Where the lines below hold images, skip those and copy every word exactly.

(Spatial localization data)
== == ==
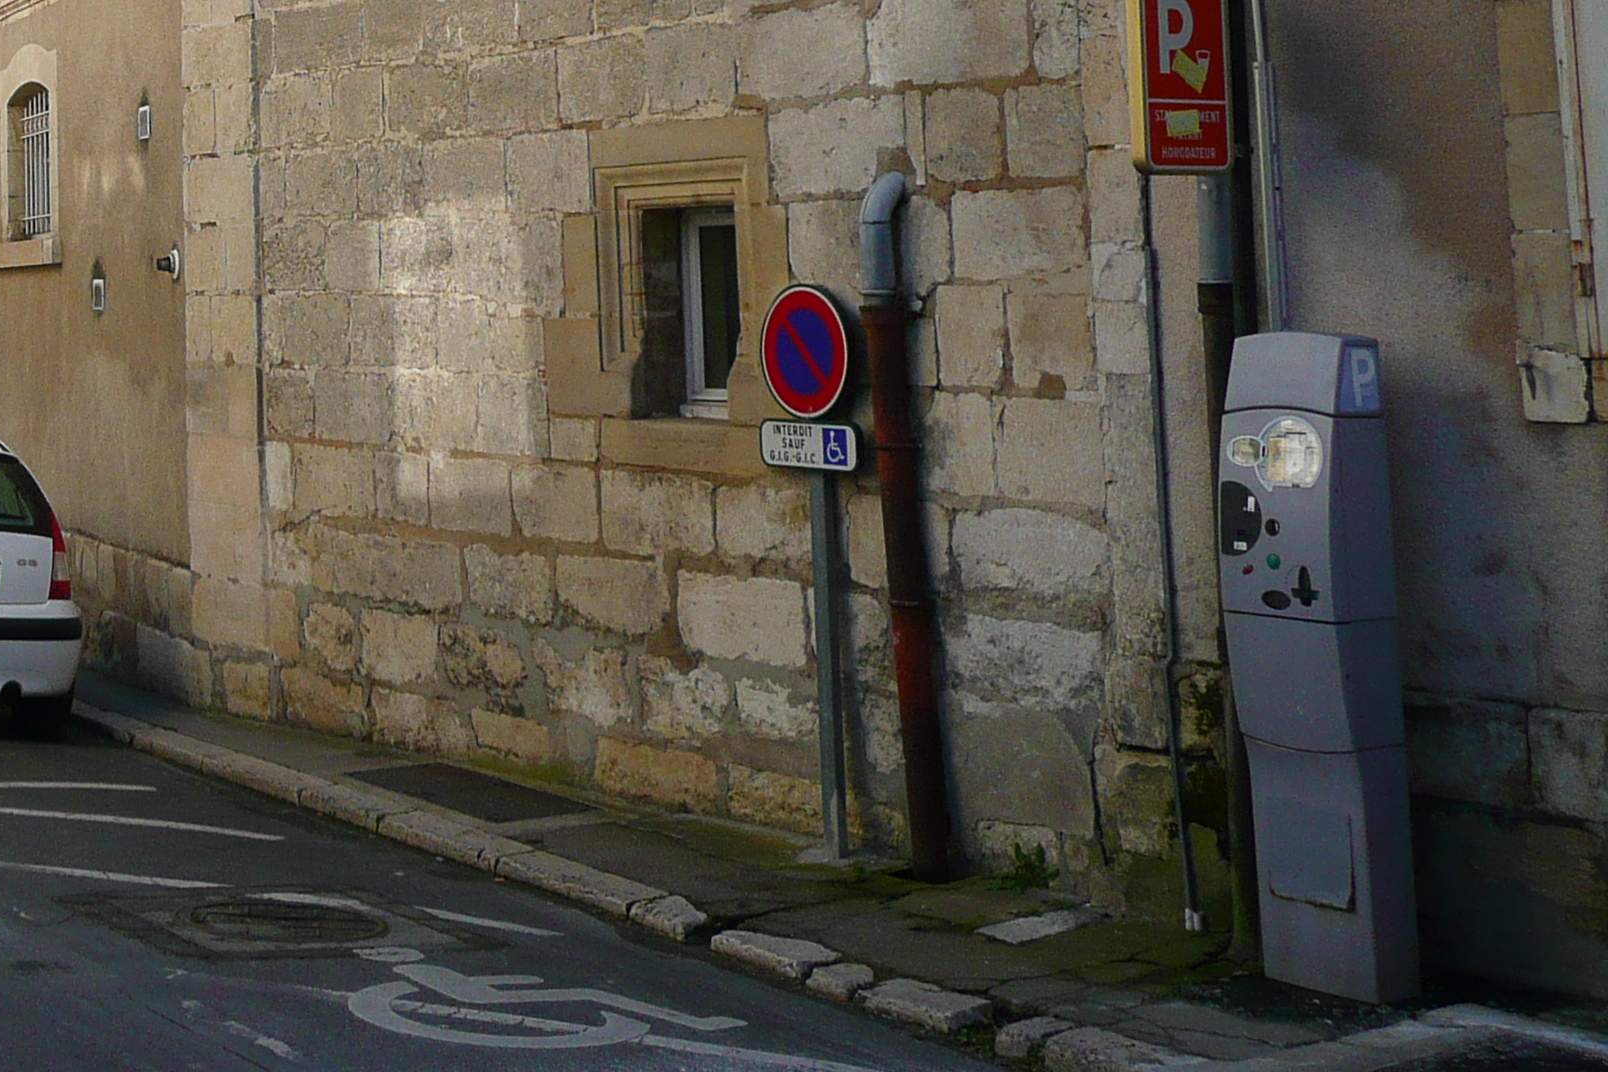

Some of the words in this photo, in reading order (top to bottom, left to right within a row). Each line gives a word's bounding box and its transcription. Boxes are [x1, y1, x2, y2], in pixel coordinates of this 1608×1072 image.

[1161, 146, 1216, 159] HORODATEUR
[1351, 348, 1375, 406] P
[773, 424, 812, 437] INTERDIT
[781, 438, 806, 450] SAUF
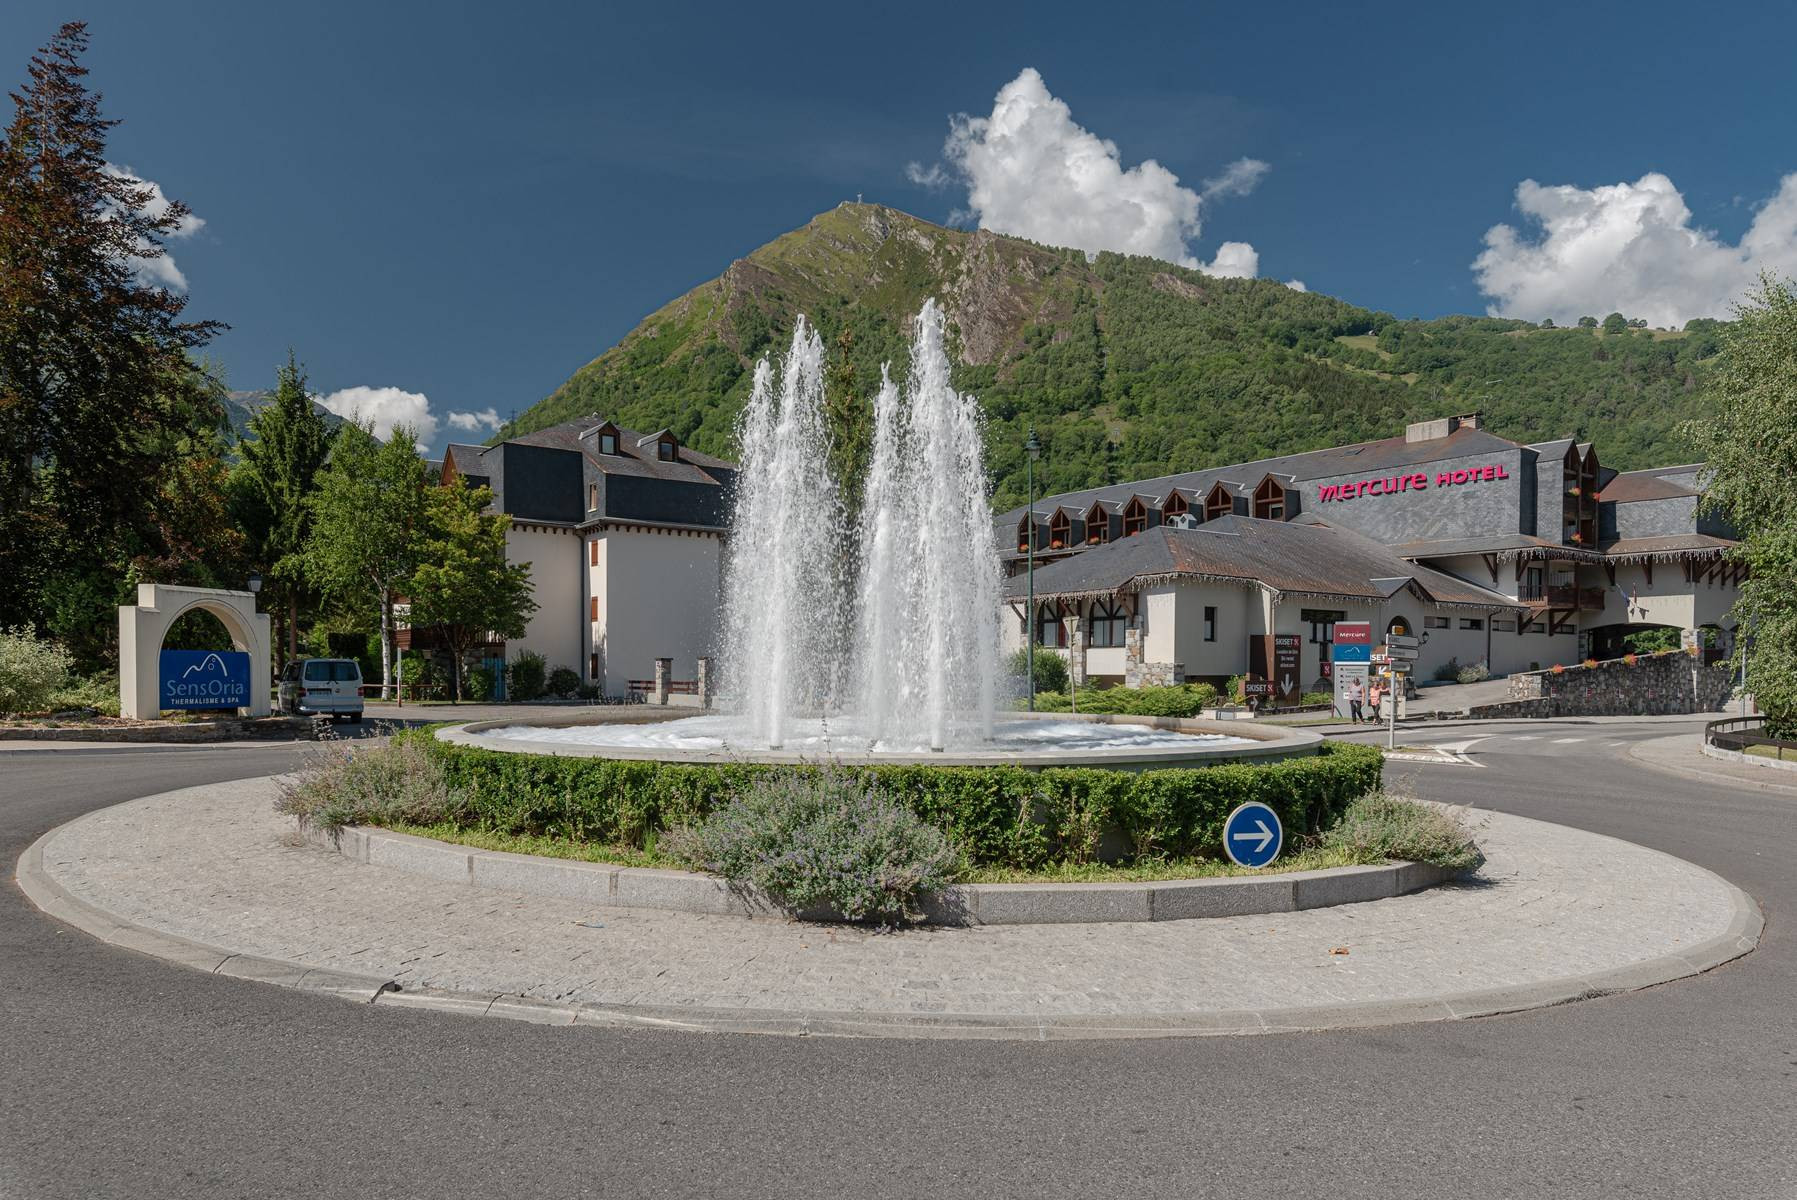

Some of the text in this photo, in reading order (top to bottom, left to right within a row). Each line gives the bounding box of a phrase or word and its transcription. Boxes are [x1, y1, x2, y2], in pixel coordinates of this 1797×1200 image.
== == ==
§ **Task answer**:
Some of the words in this photo, in reading order (top to bottom, left to right within a row). Each line gives a word's bounding box and its transcription. Boxes are [x1, y1, x2, y2], in pixel coordinates of this 1608×1072 image.

[1161, 146, 1216, 159] HORODATEUR
[1351, 348, 1375, 406] P
[773, 424, 812, 437] INTERDIT
[781, 438, 806, 450] SAUF

Some of the text in this photo, in reading order (top to bottom, left to right within a row). Each line gives the bounding box of a phrase or word and its transcription. Boxes are [x1, y1, x2, y2], in pixel coordinates of this 1797×1200 image.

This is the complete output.